» TASK ITEM
Pictures do not belong in the copy; restate the records below word for word.

Items from a data source
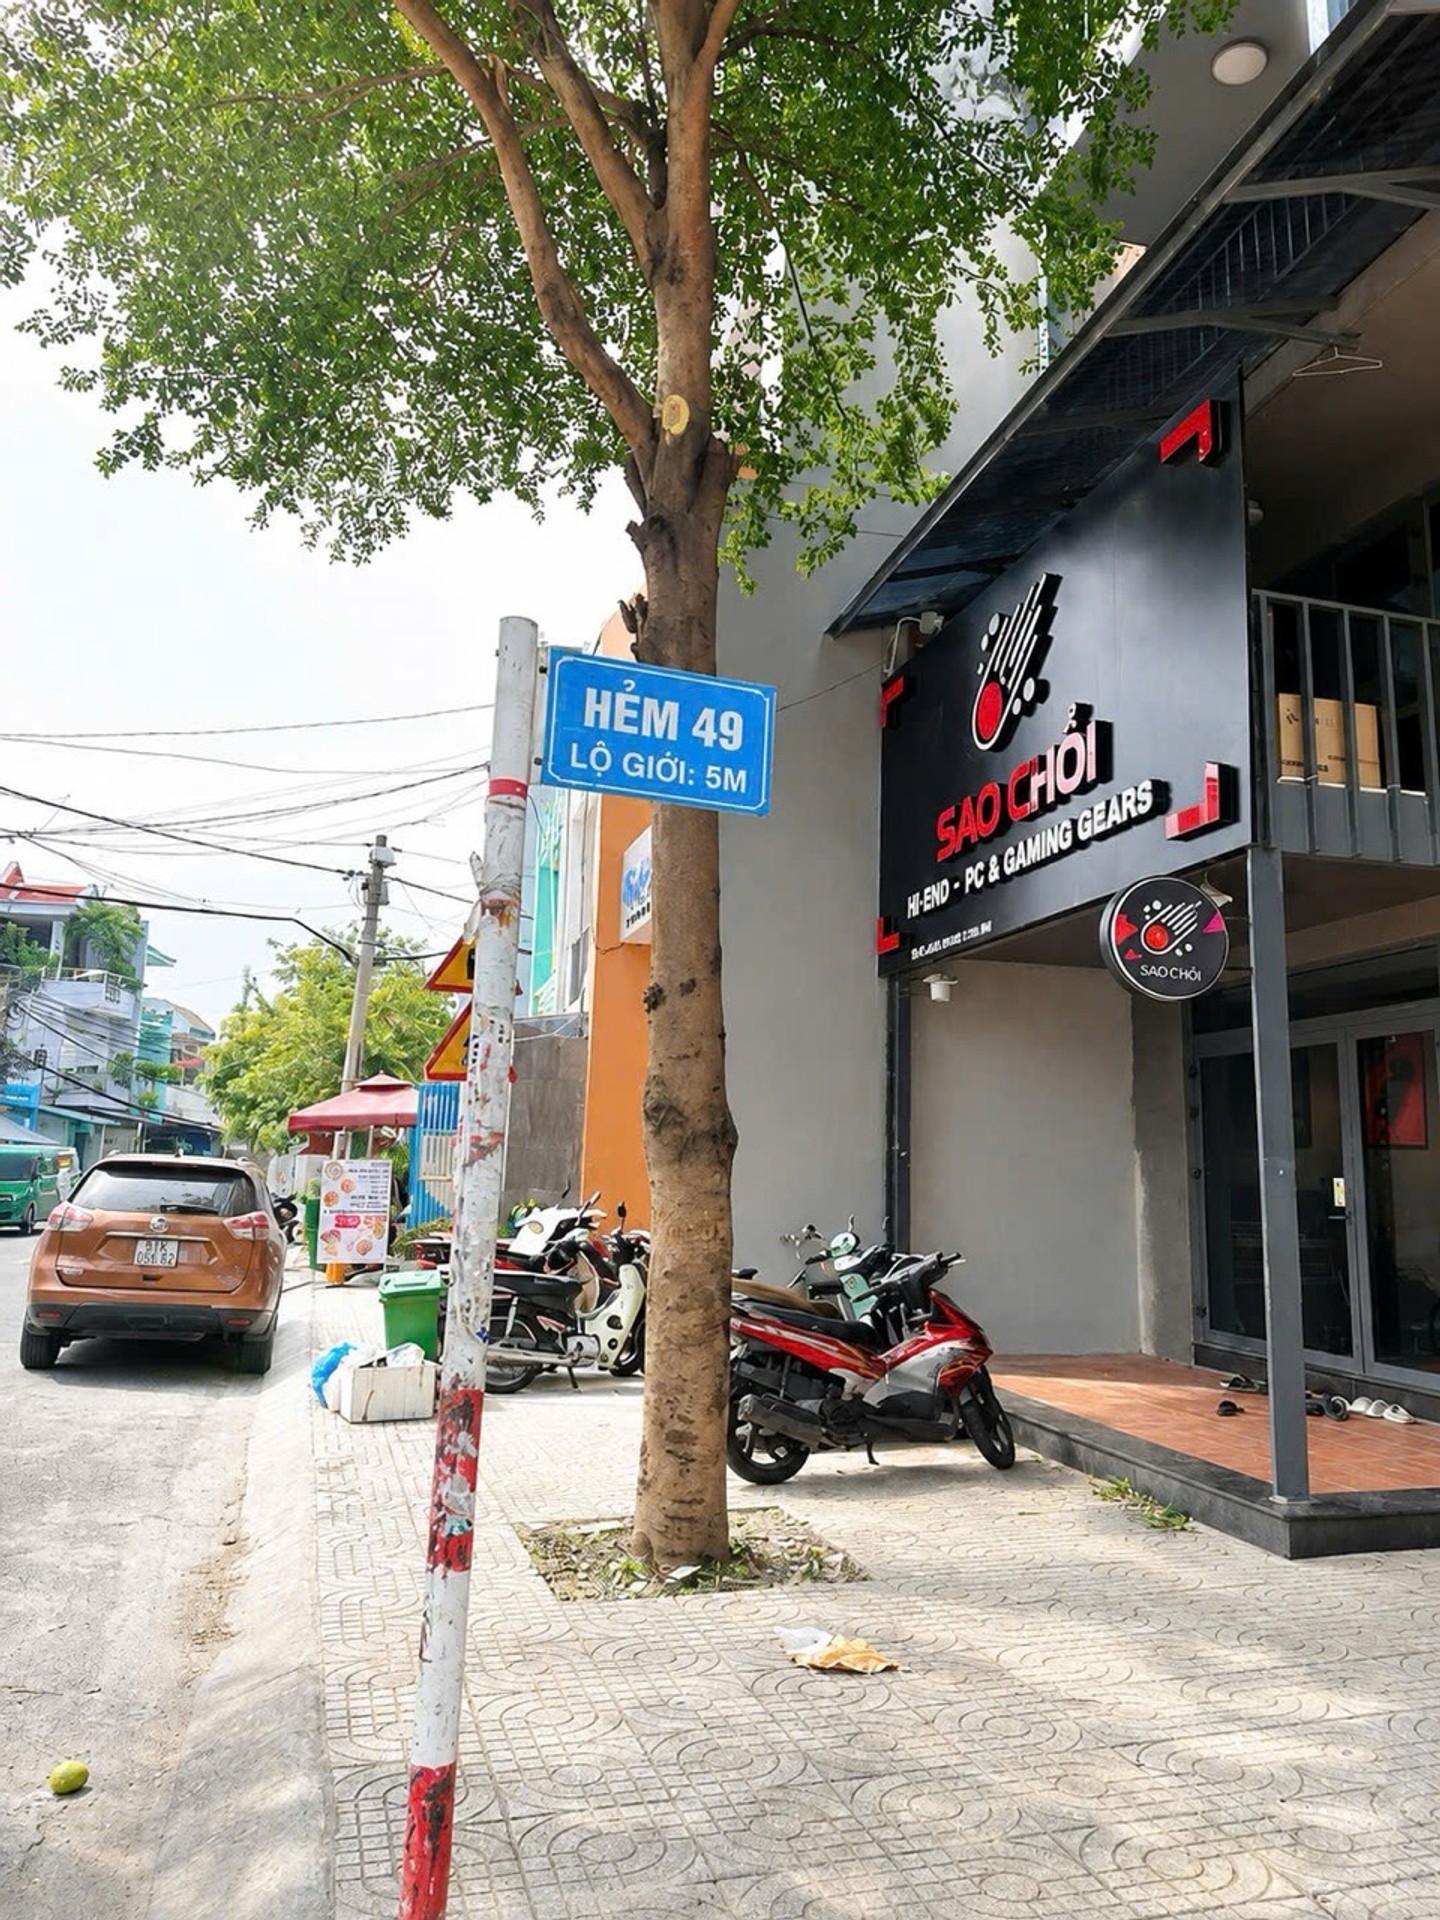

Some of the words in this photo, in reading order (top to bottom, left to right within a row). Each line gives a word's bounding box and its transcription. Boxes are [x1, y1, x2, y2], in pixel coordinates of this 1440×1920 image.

[584, 679, 680, 741] HẺM
[691, 707, 744, 751] 49
[570, 741, 612, 777] LỘ
[622, 751, 696, 786] GIỚI:
[705, 765, 748, 794] 5M
[907, 878, 950, 919] HI-END
[965, 861, 985, 894] PC
[988, 854, 1000, 883] &
[1003, 820, 1073, 876] GAMING
[1077, 779, 1153, 841] GEARS
[936, 782, 1001, 863] SAO
[1140, 964, 1168, 978] SAO

» SOLUTION TO THIS PROBLEM
Some of the words in this photo, in reading order (top to bottom, left to right within a row). Each line gives a word's bounding box and its transcription. Boxes are [x1, y1, x2, y2], in pixel coordinates of this 1440×1920 image.

[584, 679, 680, 741] HẺM
[691, 707, 744, 751] 49
[570, 741, 612, 777] LỘ
[622, 751, 696, 786] GIỚI:
[705, 765, 748, 794] 5M
[907, 878, 950, 919] HI-END
[965, 861, 985, 894] PC
[988, 854, 1000, 883] &
[1003, 820, 1073, 876] GAMING
[1077, 779, 1153, 841] GEARS
[936, 782, 1001, 863] SAO
[1140, 964, 1168, 978] SAO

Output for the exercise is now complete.